Buen comienzo. Y revelador. Pues Harrison se erigiría en un asombroso escritor de canciones, respetado (aunque ya lo demostrara previamente en el “Album Blanco”) a partir de entonces, aunque posteriormente arrojado al pozo de los infravalorados. Pero bueno, ésa es otra historia.

beatles-studio

La obra se grabó, casi en su totalidad, durante un verano, en julio, para ser más exactos. Será por eso que este disco siempre me trae reminiscencias de estío. De los veranos felices y despreocupados de la infancia. Sí, las correrías en bicicleta, los baños interminables……..mis hermanos escuchaban este disco una y otra vez. Pero, coño, también lo harían en invierno, y en otoño y………pero “Abbey Road” contiene para mí, todos las alegrías y aromas de las largas vacaciones de verano.

Son los Beatles en la cima. Hicieron un esfuerzo para apartar los problemas personales (que los había, y muy graves, además) y dedicarse a funcionar como un grupo. Y entregaron un estamento sobrecogedor: John y Paul alcanzando su perfecta sintonía, en la “suite” de la cara B, y desgranando sus mejores virtudes individuales en canciones poderosas (“Oh darling”, “Come Together”) George firmando dos de sus mejores canciones (“Something” fue etiquetada por John como la mejor canción del álbum), Ringo con su tema del jardín del pulpo (ayudado, eso sí, por George) y su único solo de batería de su carrera en los Beatles (y más allá, creo).

Una despedida magistral. Da escalofríos pensar qué hubieran hecho los Beatles a partir de entonces.

La segunda obra que conmemoraros hoy es otra historia. Para empezar, situémonos en Estados Unidos, ummmmmm, no, en Norteamérica.

A The Band llegué tarde, relativamente tarde claro, si lo comparamos con mi historia de amor con los Beatles, que fue un flechazo instantáneo y muy temprano (vamos, que yo andaba con pantalón corto), podríamos decir que mi pasión por La Banda (sí, con mayúsculas y es que para mí The Band es el perfecto ejemplo de un grupo como Dios manda), se coció a fuego lento.

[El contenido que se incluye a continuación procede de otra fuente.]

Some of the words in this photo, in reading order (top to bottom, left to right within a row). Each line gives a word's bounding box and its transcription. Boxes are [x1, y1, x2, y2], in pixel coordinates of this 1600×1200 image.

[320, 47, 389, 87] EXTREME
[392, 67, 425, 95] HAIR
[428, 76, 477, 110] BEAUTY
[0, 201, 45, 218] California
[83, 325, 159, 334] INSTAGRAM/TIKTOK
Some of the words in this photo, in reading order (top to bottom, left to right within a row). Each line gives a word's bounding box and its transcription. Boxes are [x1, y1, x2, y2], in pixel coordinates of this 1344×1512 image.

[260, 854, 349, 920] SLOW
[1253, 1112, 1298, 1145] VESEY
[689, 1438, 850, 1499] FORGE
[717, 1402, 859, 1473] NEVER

Comenzando por el complejo debut, llegué a su segundo disco, simplemente titulado “The Band”, también conocido como “el Album Marrón”, por el color de su portada.

Y, sí, caí desarmado ante tamaña insolencia. Todo un derroche de poderío.

The+Band+TheBandphoto

The Band quiso y consiguió hacer un disco que engloba personajes, paisajes y situaciones de la América tradicional, postales de la mejor tradición americana, épicas de la Guerra de Secesión, historias de jugadores arrabaleros…….pero la temática a mí me da igual. La música es lo importante.

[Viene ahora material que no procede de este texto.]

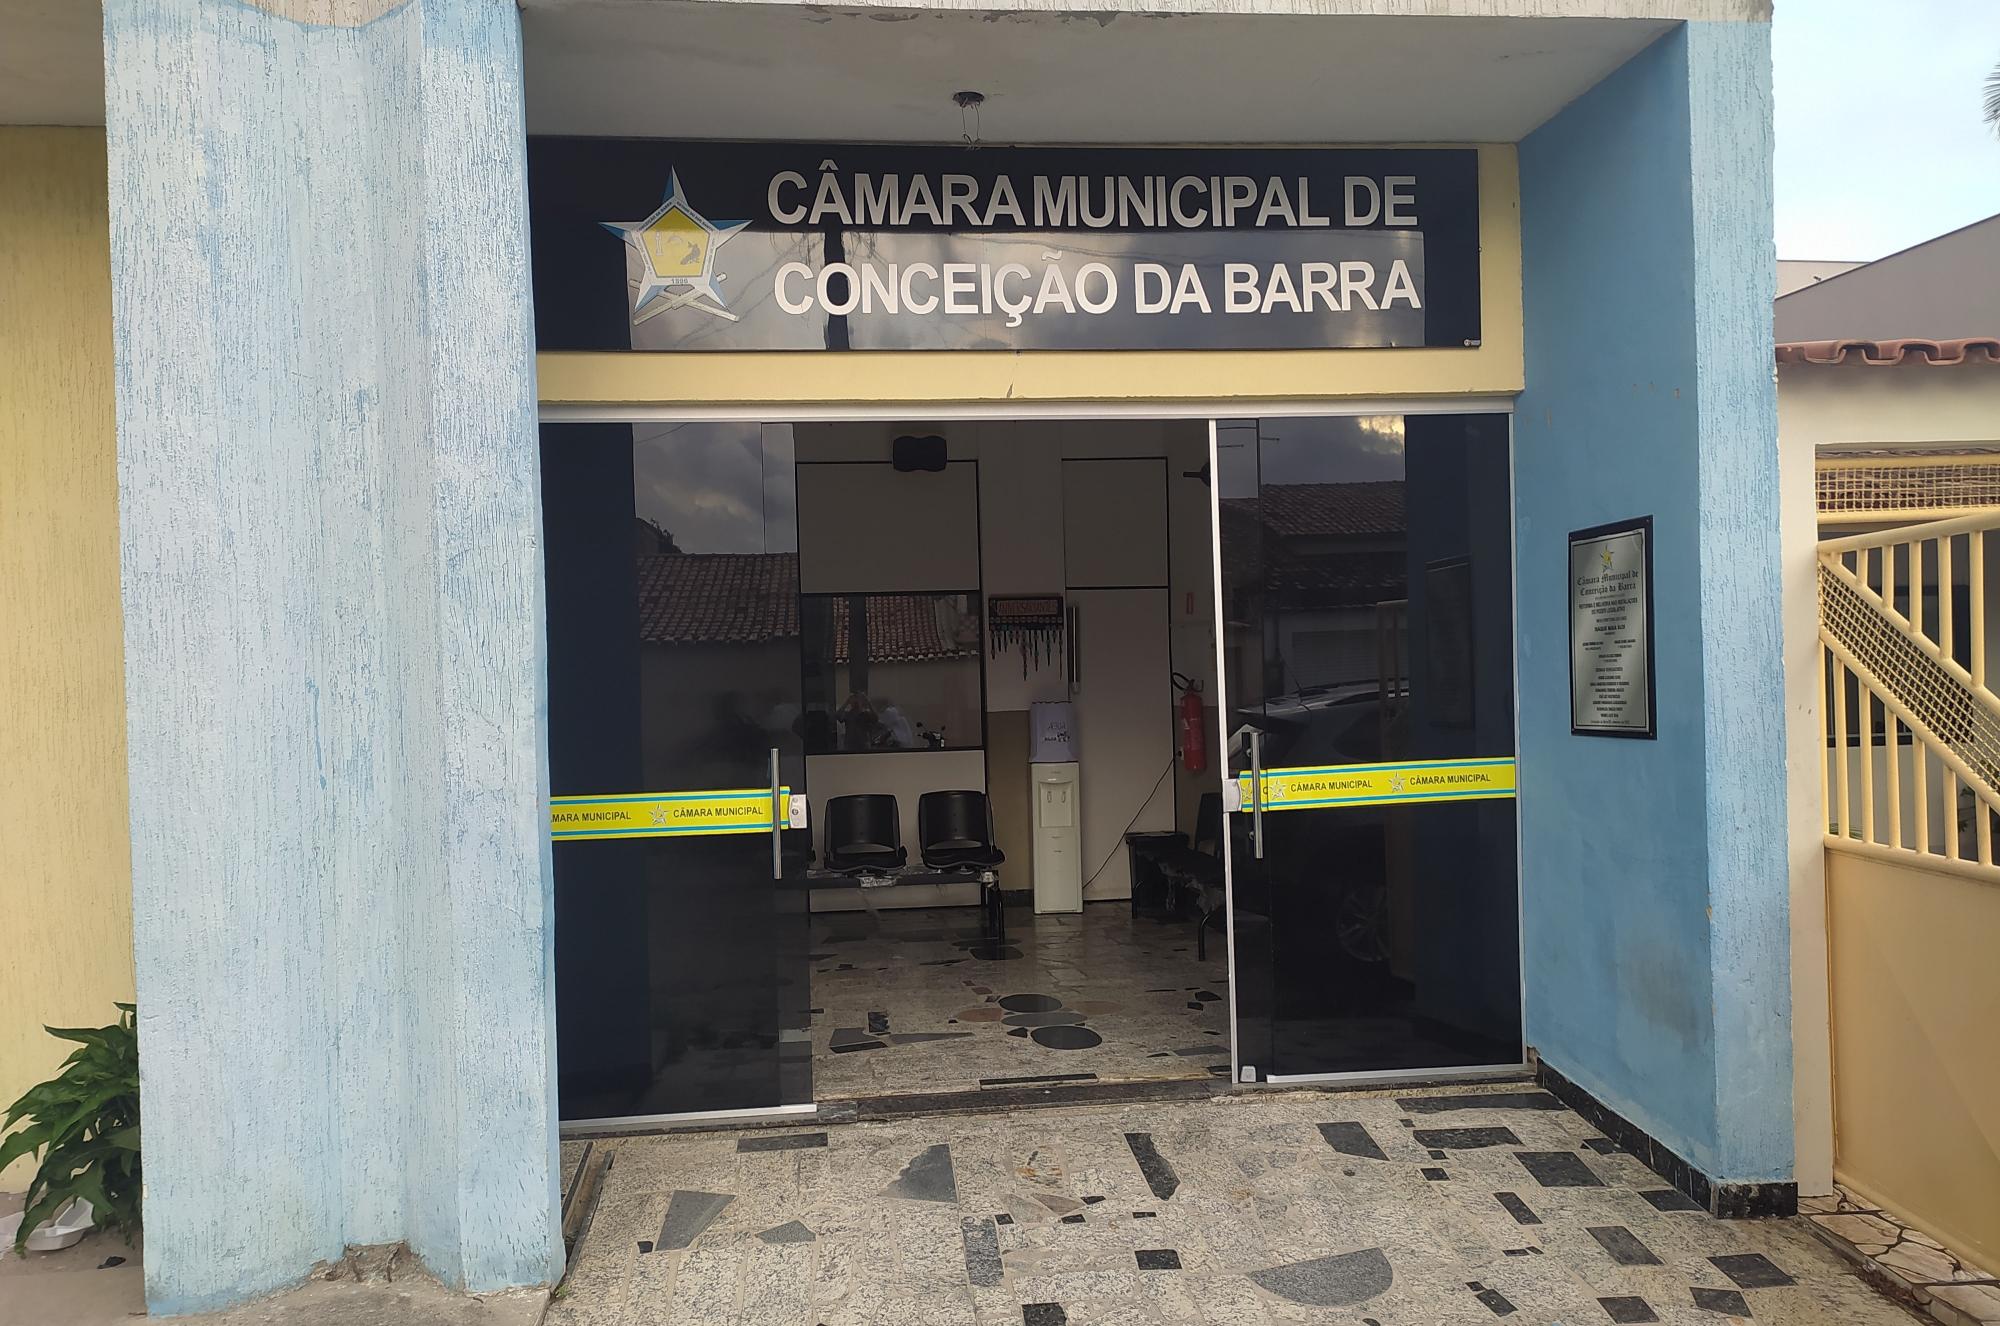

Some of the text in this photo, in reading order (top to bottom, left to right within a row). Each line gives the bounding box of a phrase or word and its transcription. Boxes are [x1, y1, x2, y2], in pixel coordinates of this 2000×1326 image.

[767, 159, 1026, 226] CÂMARA
[1033, 175, 1330, 228] MUNICIPAL
[1344, 175, 1418, 227] DE
[774, 250, 1118, 328] CONCEIÇÃO
[1134, 263, 1212, 314] DA
[1224, 259, 1422, 314] BARRA
[1290, 779, 1373, 793] CÂMARA MUNICIPAL
[1409, 773, 1492, 786] CÂMARA MUNICIPAL
[550, 811, 632, 823] MARA MUNICIPAL
[673, 806, 764, 818] CÂMARA MUNICIPAL

The Band fue, y sigue siendo un grupo atípico donde los haya: nunca tuvieron un “front man”, todos lo eran, todos eran estupendos vocalistas (excepto Robbie Robertson, su guitarrista), casi todos eran multiinstrumentistas,….Dentro de su poca ortodoxia, The Band contaba con un sonido amplificado por un artista descomunal (aunque, siguiendo con la definición del grupo perfecto, todos eran artistas mastodónticos), el ínclito Garth Hudson explorador de sonidos al teclado, verdadero virtuoso con su órgano, investigador de sonidos sintetizados. Hudson, de formación clásica, ayudó e instruyó al resto de sus camaradas en la trascripción musical de las ideas que bullían en sus cabezas. Hudson era un verdadero lujo…y lo sigue siendo.

El álbum encapsula variadas tradiciones de la música norteamericana. The Band, para los amantes de las etiquetas asfixiadoras, fue el grupo que inventó lo que los diletantes nombran como “americana”.

 

  • Anónimo

    Madre mia… pero que bien habla mi niño!!!!!…

    Te comparto la segunda parte del articulo… del tema de los Beatles esos, es que yo no era de pantalones cortos, pero lo he intentao, ehhhh

  • Anónimo

    Estamos rodeados de genios! 🙂

    Y hablando de los Beatles: http://www.elpais.com/corporativos/elpais/coleccionables/2009/thebeatles/

  • Anónimo

    Genial el artículo. Mira que no dejarte salir de casa con un añito… qué padres más opresores, jajajaja.
    Yo realmente soy más de la Banda, que ya sabéis mis preferencias de lo yanki sobre lo british… y más aún despues de haber vuelto a ver hace poco esa brutal despedida: The Last Waltz.